I use glueless patches too, I've used them only on Michelin brand no others. I've use various brands of glueless, 3M, Park, and Specialized, but neither worked on latex. They last about 3 months then they glue fails. However, I've had 100% success rate with glueless patches used on butyl, and they have never failed even after being on a tube for 8 years.

Rema? I didn't know they made glueless patches, can you find on their web site that glueless product you say they make?

And yes latex are easy to repair if you do what I mentioned earlier, but again I don't think for they cost everyday use is a good idea for them...unless you have lots of money and don't care about the expense.


----------



## AM999

froze said:


> I use glueless patches too, I've used them only on Michelin brand no others. I've use various brands of glueless, 3M, Park, and Specialized, but neither worked on latex. They last about 3 months then they glue fails. However, I've had 100% success rate with glueless patches used on butyl, and they have never failed even after being on a tube for 8 years.
> 
> Rema? I didn't know they made glueless patches, can you find on their web site that glueless product you say they make?
> 
> And yes latex are easy to repair if you do what I mentioned earlier, but again I don't think for they cost everyday use is a good idea for them...unless you have lots of money and don't care about the expense.


I've personally had very bad luck with glueless on butyl - not sure why. And yes, the glueless did eventually dry out and fall off after some months on latex - I consider a glueless patch temporary - to be fixed later.

I was referring to the standard Rema patches used with vulcanizing cement (or rubber cement which I use). I don't know if Rema makes glueless ??

I train on butyl tubes and race on latex. Yeah, cost is a factor. I do power based training and "watts is watts" regardless of absolute speed.


----------



## froze

AM999 said:


> I've personally had very bad luck with glueless on butyl - not sure why. And yes, the glueless did eventually dry out and fall off after some months on latex - I consider a glueless patch temporary - to be fixed later.
> 
> I was referring to the standard Rema patches used with vulcanizing cement (or rubber cement which I use). I don't know if Rema makes glueless ??
> 
> I train on butyl tubes and race on latex. Yeah, cost is a factor. I do power based training and "watts is watts" regardless of absolute speed.


The way you worded your sentence it sounded like you used Rema Glueless; reread your post and you'll see how I took it that way. I knew they didn't make glueless.

I love glueless patches and they work as permanent patches, not temps.
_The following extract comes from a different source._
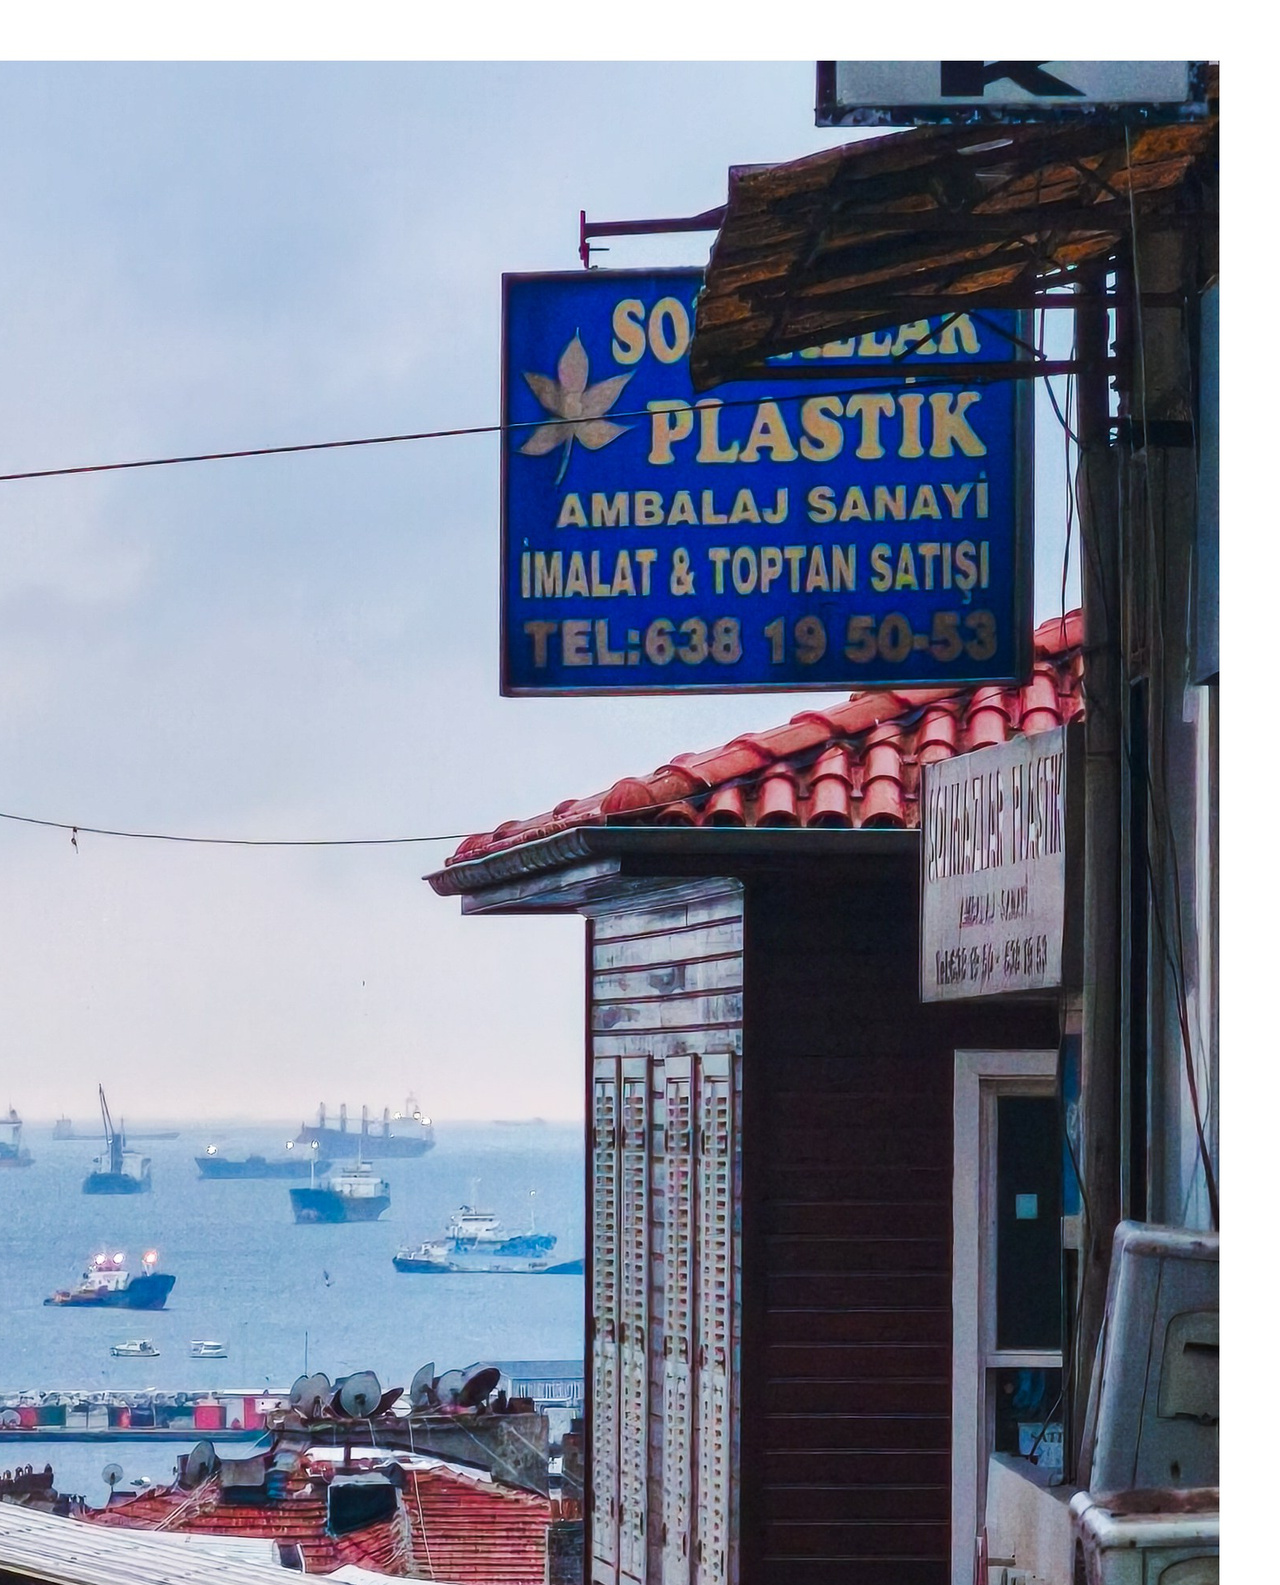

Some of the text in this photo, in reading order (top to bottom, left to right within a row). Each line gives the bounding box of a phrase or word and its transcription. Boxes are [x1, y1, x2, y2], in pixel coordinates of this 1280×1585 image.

I have a spare tube with a glueless patch on it rolled up in my seat bag I've had for about 2 years, and used it about 3 months ago and the patch held up despite not being under a tire with pressure applied. 

The glueless patch needs to be treated like a regular patch, you must buff the tube in an area sllightly larger then the hole, clean the area with an alcohol pad, apply the patch and press real hard with the tube and patch between your thumbs and fingers real hard for 30 seconds or so. Look at the patch, if any part of the patch looks frosty you need to squeeze that area for 30 seconds. I usually squeeze the center of the patch first then do the corners. I once had a tube that ended up with 13 glueless patches, and I used that tube for 8 years on the bike, and not once did one of the patches fail. Now there are some crap glueless patches, like Bell, Slime Skabs, Skins, Weldtite and other off brand stuff that won't work good at all. I taught a friend last spring about how to use glueless patches after a mechanic at a snobby LBS in town said they didn't work...that friend now swears by glueless patches and likes the fact he doesn't have to wait for glue to dry anymore.


----------



## looigi

AM999 said:


> I've personally had very bad luck with glueless on butyl - not sure why. And yes, the glueless did eventually dry out and fall off after some months on latex - I consider a glueless patch temporary - to be fixed later.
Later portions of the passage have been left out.